Material for the task Start Marker

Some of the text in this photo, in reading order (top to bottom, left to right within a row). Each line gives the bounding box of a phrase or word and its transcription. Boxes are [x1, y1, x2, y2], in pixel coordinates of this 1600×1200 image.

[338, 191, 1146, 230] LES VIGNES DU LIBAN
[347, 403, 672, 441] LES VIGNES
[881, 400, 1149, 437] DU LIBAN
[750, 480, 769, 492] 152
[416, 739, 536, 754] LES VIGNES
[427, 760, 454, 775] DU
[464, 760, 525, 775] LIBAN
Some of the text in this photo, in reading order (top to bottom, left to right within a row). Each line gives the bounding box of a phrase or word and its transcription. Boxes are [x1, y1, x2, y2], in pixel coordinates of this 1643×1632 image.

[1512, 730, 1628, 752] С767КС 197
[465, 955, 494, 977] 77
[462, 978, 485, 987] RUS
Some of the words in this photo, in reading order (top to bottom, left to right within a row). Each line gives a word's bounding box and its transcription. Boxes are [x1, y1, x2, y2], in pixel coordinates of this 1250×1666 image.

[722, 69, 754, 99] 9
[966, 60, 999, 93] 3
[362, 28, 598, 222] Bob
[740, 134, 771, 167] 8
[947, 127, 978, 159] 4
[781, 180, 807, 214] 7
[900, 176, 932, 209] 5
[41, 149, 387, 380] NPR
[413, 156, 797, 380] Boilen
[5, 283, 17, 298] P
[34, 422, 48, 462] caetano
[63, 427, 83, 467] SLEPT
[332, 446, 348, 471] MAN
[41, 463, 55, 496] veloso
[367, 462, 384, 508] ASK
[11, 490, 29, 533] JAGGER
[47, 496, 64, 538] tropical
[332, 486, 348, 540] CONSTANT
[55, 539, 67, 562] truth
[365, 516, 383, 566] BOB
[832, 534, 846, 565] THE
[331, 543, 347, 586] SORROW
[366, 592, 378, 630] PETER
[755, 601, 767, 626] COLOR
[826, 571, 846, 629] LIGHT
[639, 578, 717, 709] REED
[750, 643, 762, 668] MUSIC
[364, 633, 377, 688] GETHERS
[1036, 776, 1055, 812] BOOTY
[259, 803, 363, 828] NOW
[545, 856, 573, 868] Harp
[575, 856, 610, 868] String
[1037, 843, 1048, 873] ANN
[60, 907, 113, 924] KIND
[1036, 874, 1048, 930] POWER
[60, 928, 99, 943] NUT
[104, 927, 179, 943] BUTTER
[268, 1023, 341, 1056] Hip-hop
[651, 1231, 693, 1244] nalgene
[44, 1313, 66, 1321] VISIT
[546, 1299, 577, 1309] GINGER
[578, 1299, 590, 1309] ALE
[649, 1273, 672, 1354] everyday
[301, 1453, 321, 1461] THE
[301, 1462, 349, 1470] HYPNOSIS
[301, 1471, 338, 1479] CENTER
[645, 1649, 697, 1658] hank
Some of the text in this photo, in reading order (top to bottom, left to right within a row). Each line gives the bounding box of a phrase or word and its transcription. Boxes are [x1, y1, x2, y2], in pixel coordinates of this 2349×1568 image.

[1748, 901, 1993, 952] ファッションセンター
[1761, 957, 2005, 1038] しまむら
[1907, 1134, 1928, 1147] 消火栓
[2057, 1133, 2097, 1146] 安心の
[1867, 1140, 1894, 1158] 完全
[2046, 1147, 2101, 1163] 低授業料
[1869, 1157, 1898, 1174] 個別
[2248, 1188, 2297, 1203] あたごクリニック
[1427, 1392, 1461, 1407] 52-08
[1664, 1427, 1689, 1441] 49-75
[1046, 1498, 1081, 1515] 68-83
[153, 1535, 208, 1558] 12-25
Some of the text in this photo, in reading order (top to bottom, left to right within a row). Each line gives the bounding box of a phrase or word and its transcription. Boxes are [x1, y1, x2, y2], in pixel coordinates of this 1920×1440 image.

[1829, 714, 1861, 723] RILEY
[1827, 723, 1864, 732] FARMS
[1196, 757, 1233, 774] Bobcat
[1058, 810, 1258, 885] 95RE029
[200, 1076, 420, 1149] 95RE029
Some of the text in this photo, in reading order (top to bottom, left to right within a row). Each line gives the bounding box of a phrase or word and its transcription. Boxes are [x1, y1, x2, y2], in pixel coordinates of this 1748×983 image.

Material for the task End Marker

**What you are asked to do:** Write out the records once more, precisely as they stand.

**Completed exercise:**
Some of the text in this photo, in reading order (top to bottom, left to right within a row). Each line gives the bounding box of a phrase or word and its transcription. Boxes are [x1, y1, x2, y2], in pixel coordinates of this 1600×1200 image.

[338, 191, 1146, 230] LES VIGNES DU LIBAN
[347, 403, 672, 441] LES VIGNES
[881, 400, 1149, 437] DU LIBAN
[750, 480, 769, 492] 152
[416, 739, 536, 754] LES VIGNES
[427, 760, 454, 775] DU
[464, 760, 525, 775] LIBAN
Some of the text in this photo, in reading order (top to bottom, left to right within a row). Each line gives the bounding box of a phrase or word and its transcription. Boxes are [x1, y1, x2, y2], in pixel coordinates of this 1643×1632 image.

[1512, 730, 1628, 752] С767КС 197
[465, 955, 494, 977] 77
[462, 978, 485, 987] RUS
Some of the words in this photo, in reading order (top to bottom, left to right within a row). Each line gives a word's bounding box and its transcription. Boxes are [x1, y1, x2, y2], in pixel coordinates of this 1250×1666 image.

[722, 69, 754, 99] 9
[966, 60, 999, 93] 3
[362, 28, 598, 222] Bob
[740, 134, 771, 167] 8
[947, 127, 978, 159] 4
[781, 180, 807, 214] 7
[900, 176, 932, 209] 5
[41, 149, 387, 380] NPR
[413, 156, 797, 380] Boilen
[5, 283, 17, 298] P
[34, 422, 48, 462] caetano
[63, 427, 83, 467] SLEPT
[332, 446, 348, 471] MAN
[41, 463, 55, 496] veloso
[367, 462, 384, 508] ASK
[11, 490, 29, 533] JAGGER
[47, 496, 64, 538] tropical
[332, 486, 348, 540] CONSTANT
[55, 539, 67, 562] truth
[365, 516, 383, 566] BOB
[832, 534, 846, 565] THE
[331, 543, 347, 586] SORROW
[366, 592, 378, 630] PETER
[755, 601, 767, 626] COLOR
[826, 571, 846, 629] LIGHT
[639, 578, 717, 709] REED
[750, 643, 762, 668] MUSIC
[364, 633, 377, 688] GETHERS
[1036, 776, 1055, 812] BOOTY
[259, 803, 363, 828] NOW
[545, 856, 573, 868] Harp
[575, 856, 610, 868] String
[1037, 843, 1048, 873] ANN
[60, 907, 113, 924] KIND
[1036, 874, 1048, 930] POWER
[60, 928, 99, 943] NUT
[104, 927, 179, 943] BUTTER
[268, 1023, 341, 1056] Hip-hop
[651, 1231, 693, 1244] nalgene
[44, 1313, 66, 1321] VISIT
[546, 1299, 577, 1309] GINGER
[578, 1299, 590, 1309] ALE
[649, 1273, 672, 1354] everyday
[301, 1453, 321, 1461] THE
[301, 1462, 349, 1470] HYPNOSIS
[301, 1471, 338, 1479] CENTER
[645, 1649, 697, 1658] hank
Some of the text in this photo, in reading order (top to bottom, left to right within a row). Each line gives the bounding box of a phrase or word and its transcription. Boxes are [x1, y1, x2, y2], in pixel coordinates of this 2349×1568 image.

[1748, 901, 1993, 952] ファッションセンター
[1761, 957, 2005, 1038] しまむら
[1907, 1134, 1928, 1147] 消火栓
[2057, 1133, 2097, 1146] 安心の
[1867, 1140, 1894, 1158] 完全
[2046, 1147, 2101, 1163] 低授業料
[1869, 1157, 1898, 1174] 個別
[2248, 1188, 2297, 1203] あたごクリニック
[1427, 1392, 1461, 1407] 52-08
[1664, 1427, 1689, 1441] 49-75
[1046, 1498, 1081, 1515] 68-83
[153, 1535, 208, 1558] 12-25
Some of the text in this photo, in reading order (top to bottom, left to right within a row). Each line gives the bounding box of a phrase or word and its transcription. Boxes are [x1, y1, x2, y2], in pixel coordinates of this 1920×1440 image.

[1829, 714, 1861, 723] RILEY
[1827, 723, 1864, 732] FARMS
[1196, 757, 1233, 774] Bobcat
[1058, 810, 1258, 885] 95RE029
[200, 1076, 420, 1149] 95RE029
Some of the text in this photo, in reading order (top to bottom, left to right within a row). Each line gives the bounding box of a phrase or word and its transcription. Boxes are [x1, y1, x2, y2], in pixel coordinates of this 1748×983 image.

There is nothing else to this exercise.